<<<<

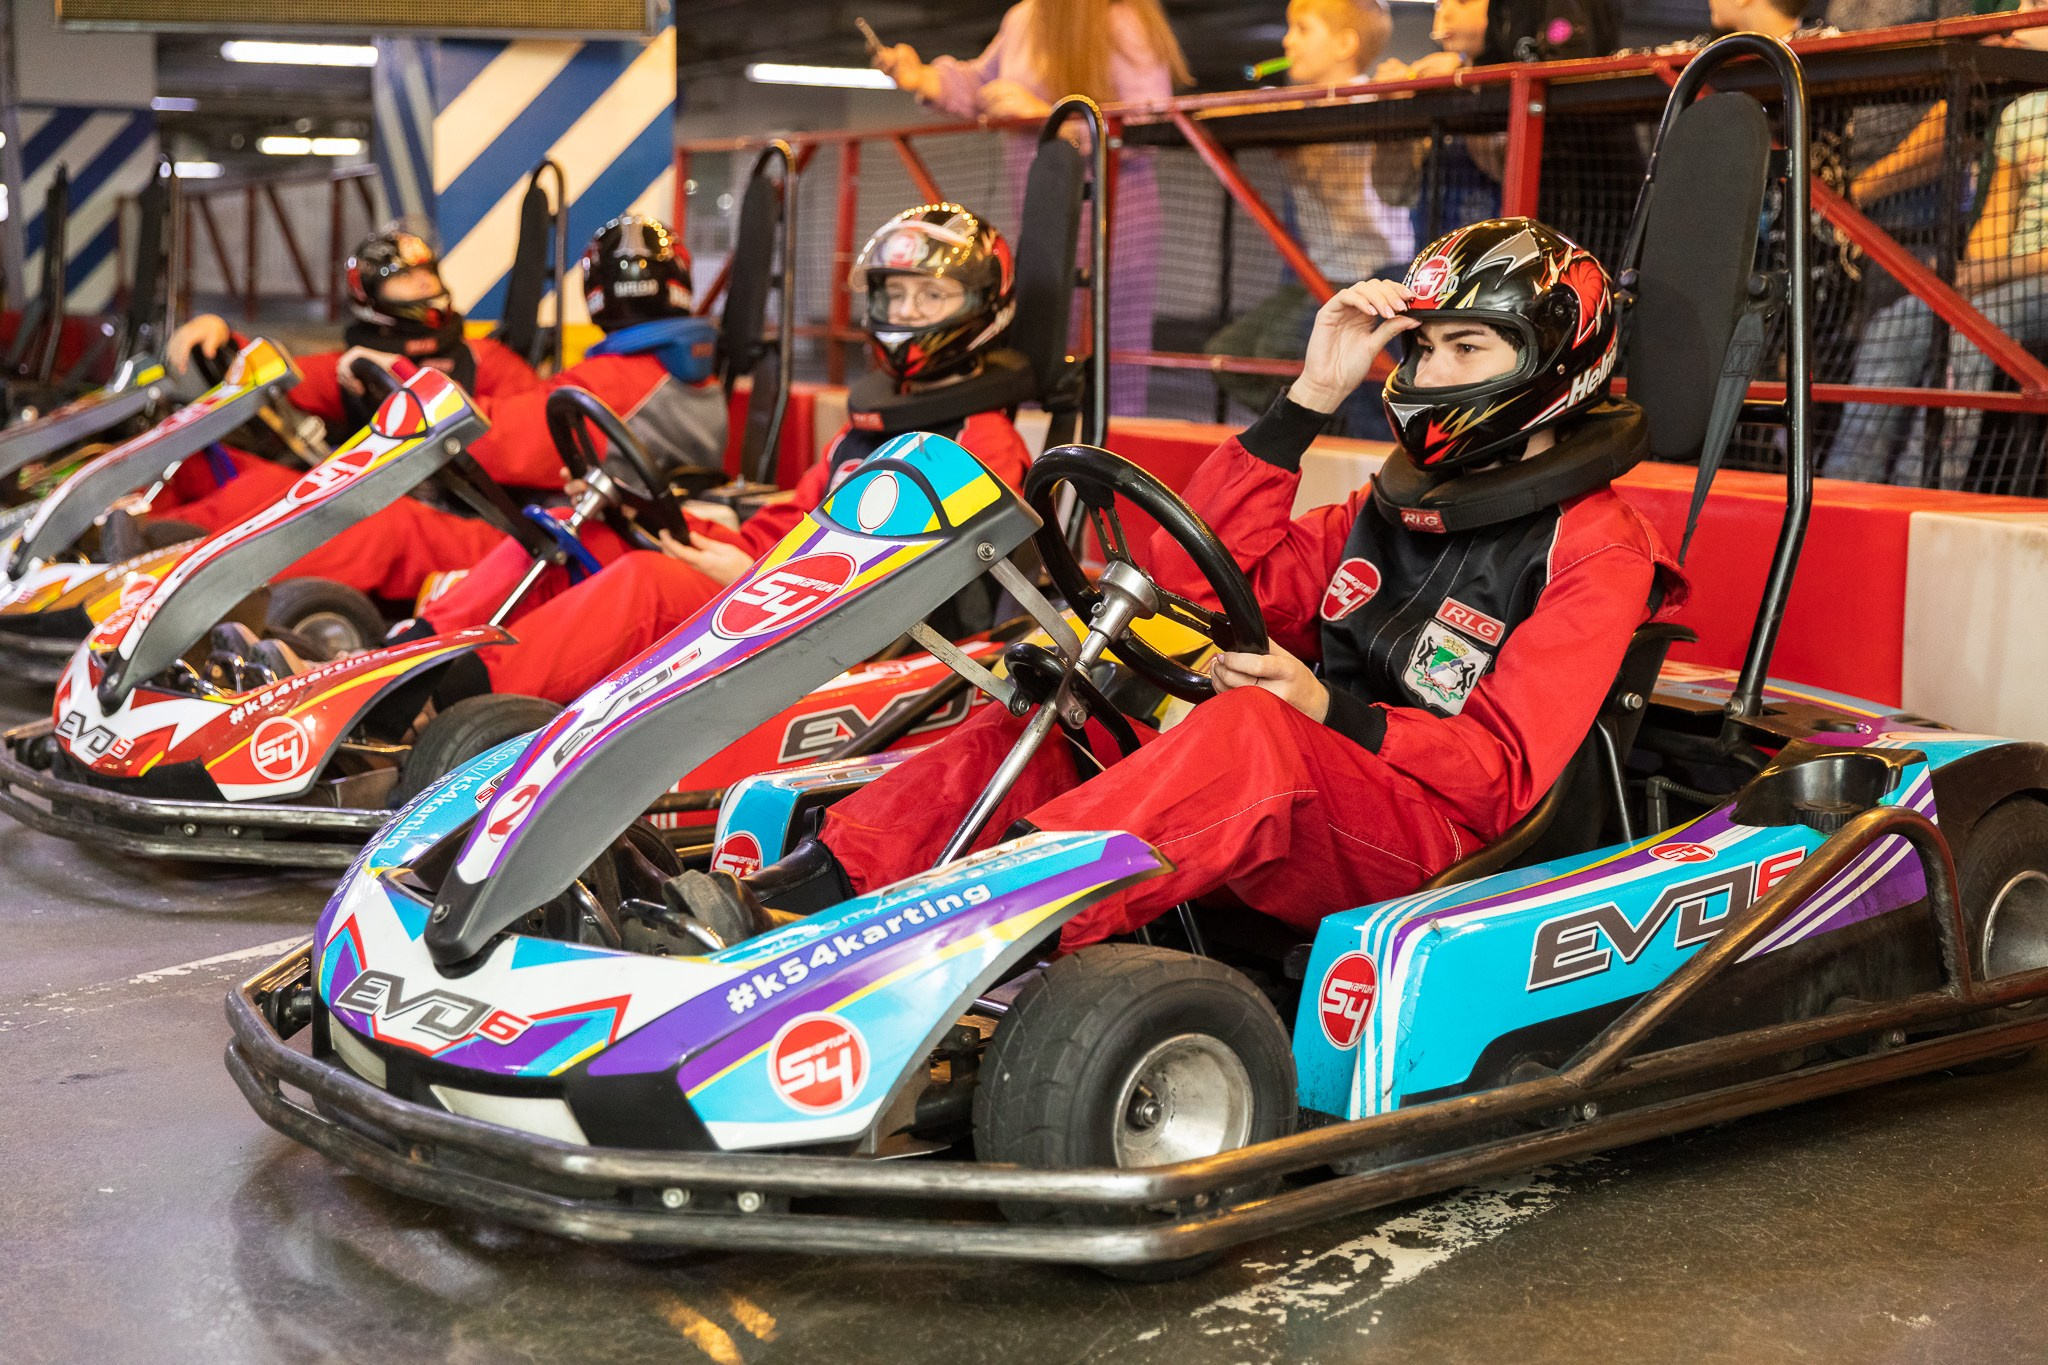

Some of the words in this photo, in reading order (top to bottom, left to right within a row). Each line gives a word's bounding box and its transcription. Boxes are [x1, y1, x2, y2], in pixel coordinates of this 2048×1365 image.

[733, 571, 820, 633] 54
[1329, 569, 1364, 619] 54
[1444, 605, 1497, 638] RLG
[778, 685, 990, 764] EVO
[257, 738, 299, 770] 54
[488, 783, 541, 836] 2
[1659, 846, 1714, 861] 54
[726, 882, 992, 1015] #k54karting
[1323, 978, 1369, 1044] 54
[779, 1046, 855, 1101] 54
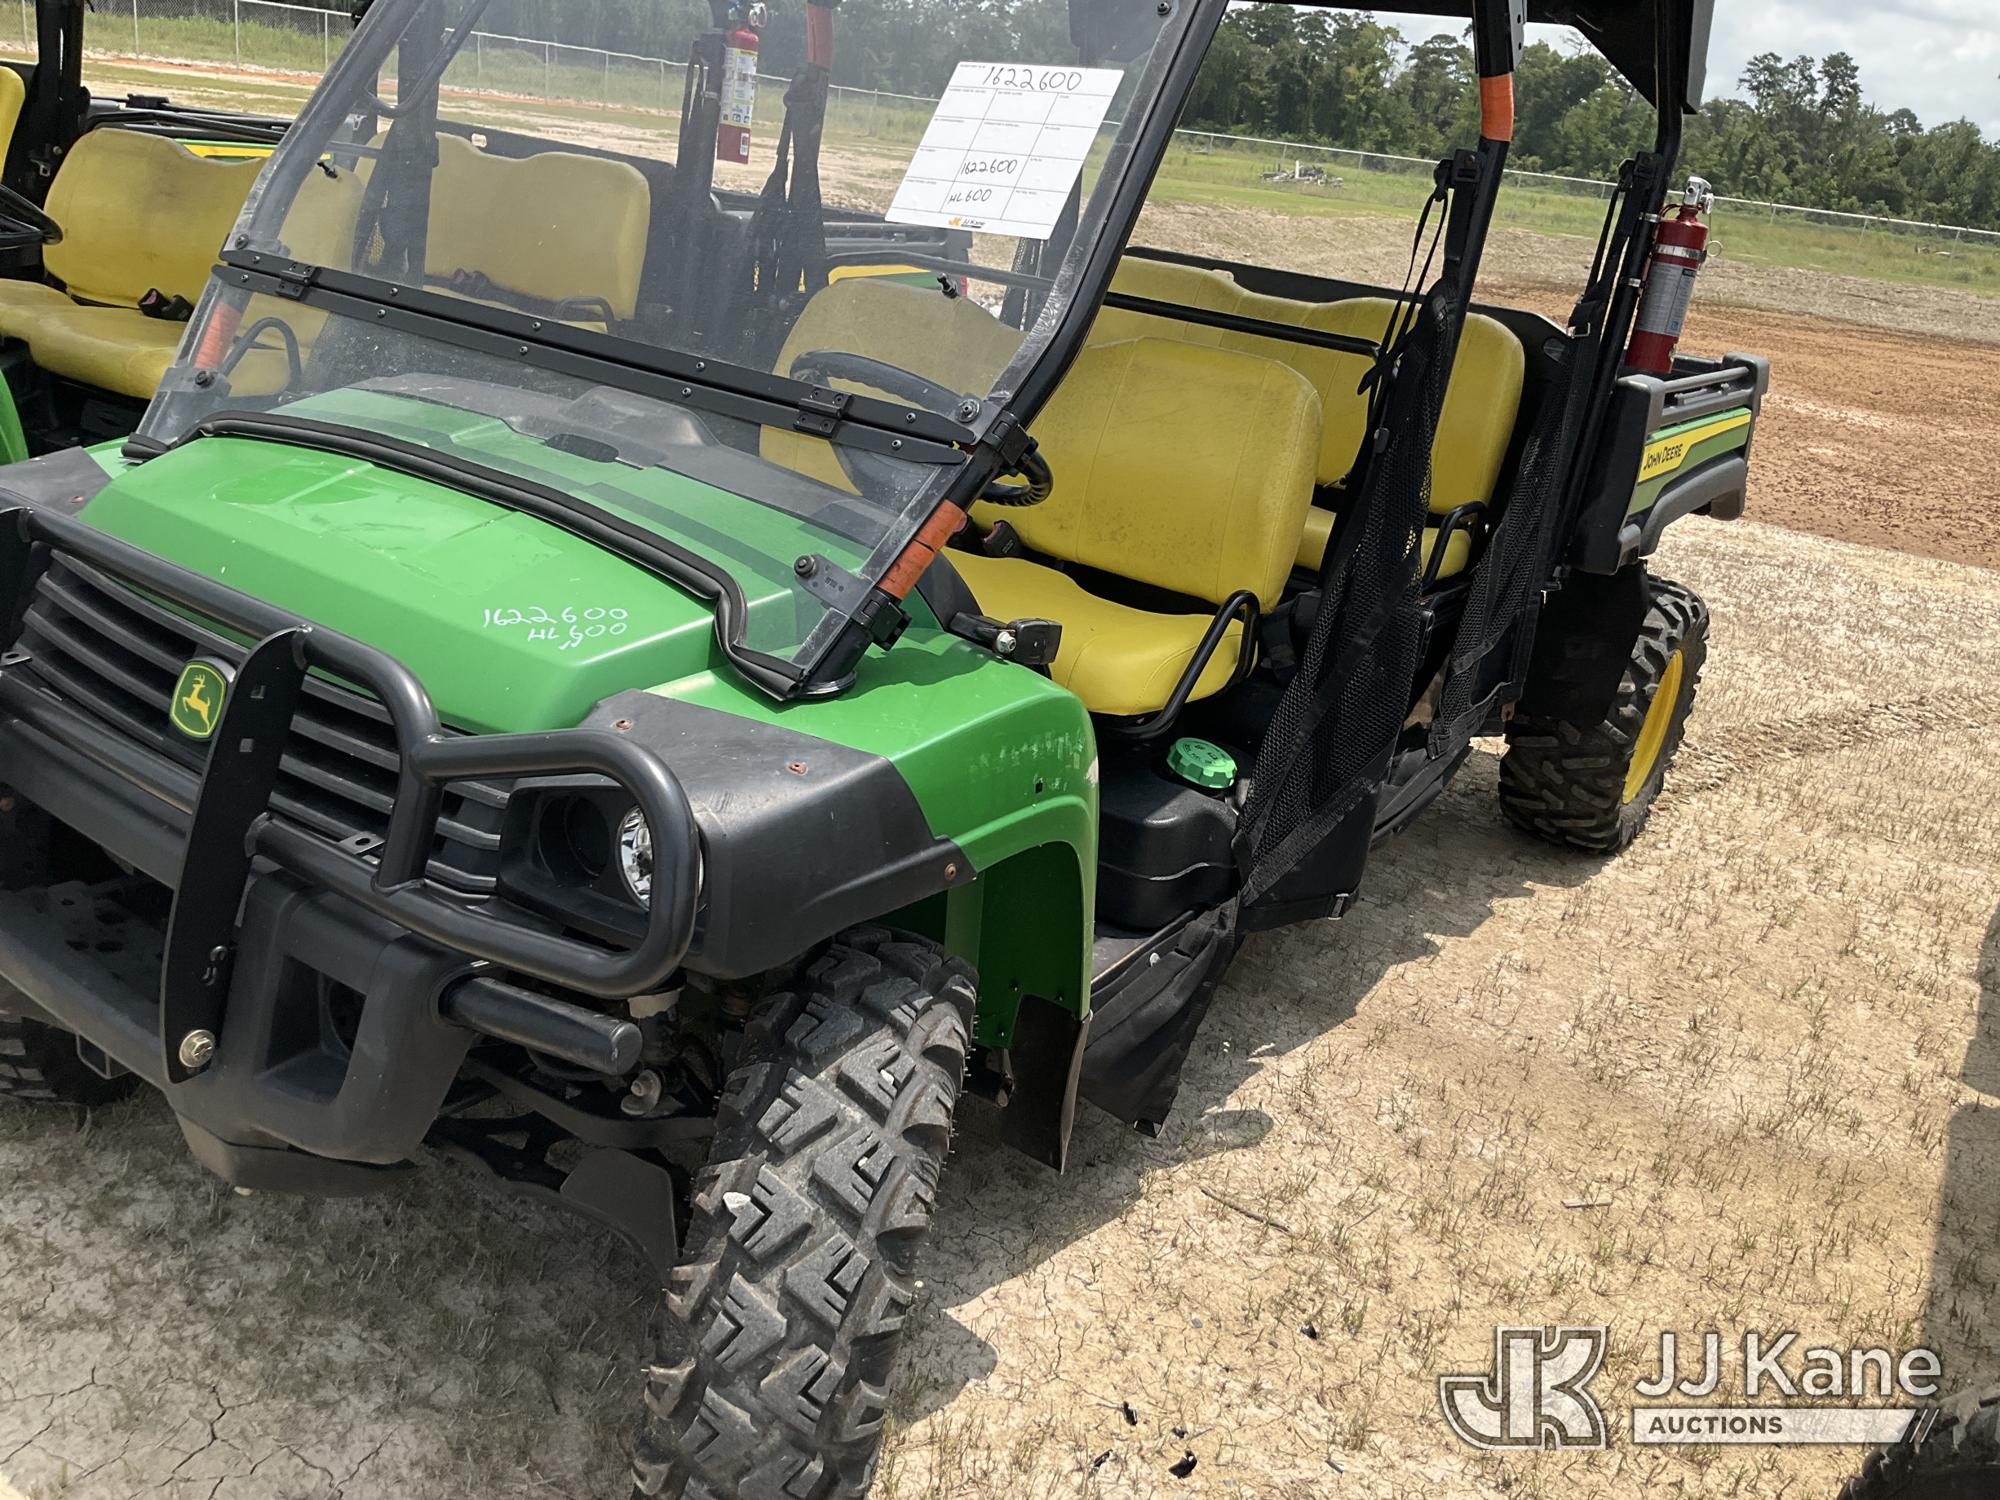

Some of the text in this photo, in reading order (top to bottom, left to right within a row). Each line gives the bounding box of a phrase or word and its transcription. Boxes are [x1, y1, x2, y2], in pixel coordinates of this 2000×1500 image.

[983, 66, 1081, 91] 1622600
[961, 160, 1017, 174] 1622600
[1661, 443, 1683, 463] DEERE
[484, 606, 628, 628] 1622600

>>>>

- [Required work]: Type the listing above out again exactly, and omit all pictures.

- [Solution below]:
Some of the words in this photo, in reading order (top to bottom, left to right within a row). Each line gives a word's bounding box and its transcription. Boxes are [x1, y1, x2, y2], in pixel coordinates of this 2048×1365 image.

[733, 571, 820, 633] 54
[1329, 569, 1364, 619] 54
[1444, 605, 1497, 638] RLG
[778, 685, 990, 764] EVO
[257, 738, 299, 770] 54
[488, 783, 541, 836] 2
[1659, 846, 1714, 861] 54
[726, 882, 992, 1015] #k54karting
[1323, 978, 1369, 1044] 54
[779, 1046, 855, 1101] 54

Some of the text in this photo, in reading order (top to bottom, left to right within a row). Each line gives the bounding box of a phrase or word and its transcription. Boxes are [x1, y1, x2, y2], in pixel coordinates of this 2000×1500 image.

[983, 66, 1081, 91] 1622600
[961, 160, 1017, 174] 1622600
[1661, 443, 1683, 463] DEERE
[484, 606, 628, 628] 1622600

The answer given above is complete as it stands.